Longworth had only arrived that day for dinner, and the two friends were now exchanging their experience since they had parted some eight months before at the second cataract of the Nile.
“And so, Pracontal, you never got one of my letters?”
“Not one, – on my honor. Indeed, if it were not that I learned by a chance meeting with a party of English tourists at Cannes that they had met you at Cairo, I ‘d have begun to suspect you had taken a plunge into the Nile, or into Mohammedom, for which latter you were showing some disposition, you remember, when we parted.”
“True enough; and if one was sure never to turn westward again, there are many things in favor of the turban. It is the most sublime conception of egotism possible to imagine.”
“Egotism is a mistake, mon cher,” said the other; “a man’s own heart, make it as comfortable as he may, is too small an apartment to live in. I do not say this in any grand benevolent spirit. There ‘s no humbug of philanthropy in the opinion.”

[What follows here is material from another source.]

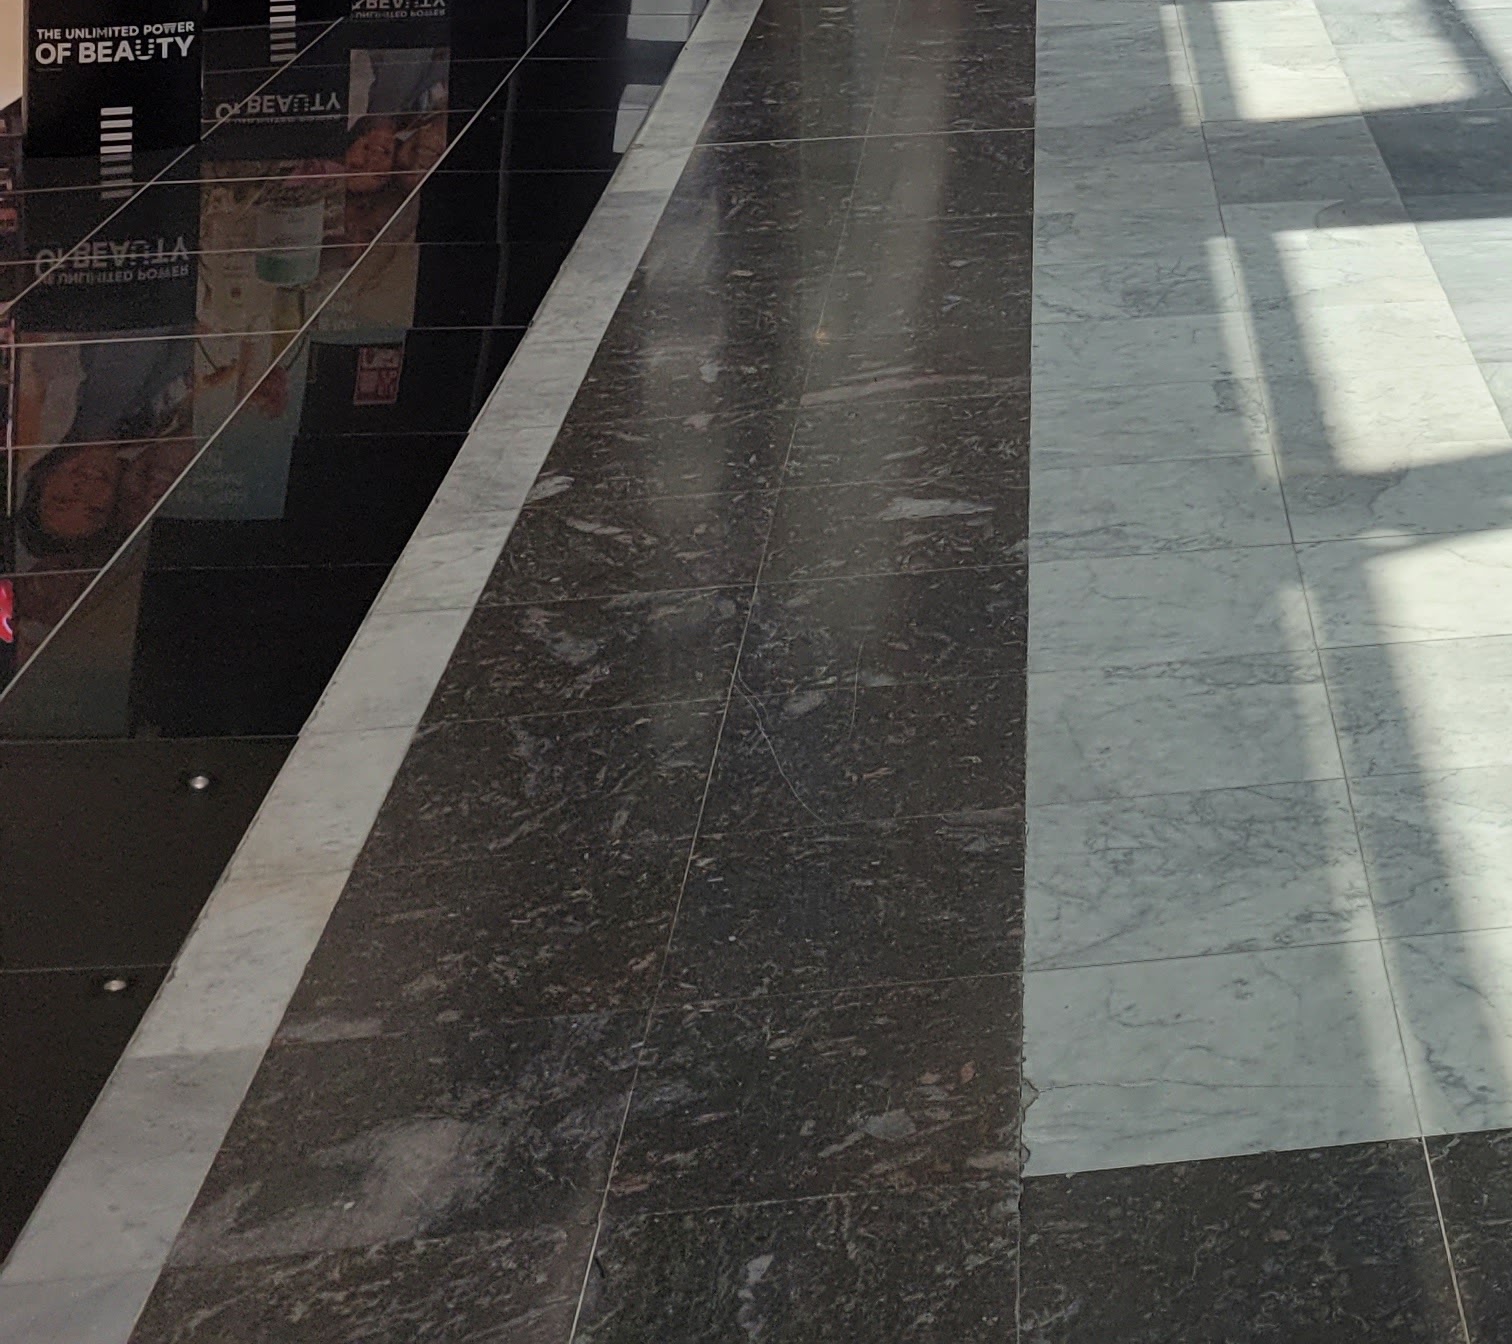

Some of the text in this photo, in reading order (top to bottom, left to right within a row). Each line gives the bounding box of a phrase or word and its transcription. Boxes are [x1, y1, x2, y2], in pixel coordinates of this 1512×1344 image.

“Of that I ‘m fully assured,” said Longworth, with a gravity which made the other laugh.
“No,” continued he, still laughing. “I want a larger field, a wider hunting-ground for my diversion than my own nature.”
“A disciple, in fact, of your great model, Louis Napoleon. You incline to annexations. By the way, how fares it with your new projects? Have you seen the lawyer I gave you the letter to?”
“Yes. I stayed eight days in town to confer with him. I heard from him this very day.”
“Well, what says he?”
“His letter is a very savage one. He is angry with me for having come here at all; and particularly angry because I have broken my leg, and can’t come away.”
“What does he think of your case, however?”
“He thinks it manageable. He says – as of course I knew he would say – that it demands most cautious treatment and great acuteness. There are blanks, historical blanks, to be filled up; links to connect, and such like, which will demand some time and some money. I have told him I have an inexhaustible supply of the one, but for the other I am occasionally slightly pinched.”
“It promises well, however?”
“Most hopefully. And when once I have proved myself – not always so easy as it seems – the son of my father, I am to go over and see him again in consultation.”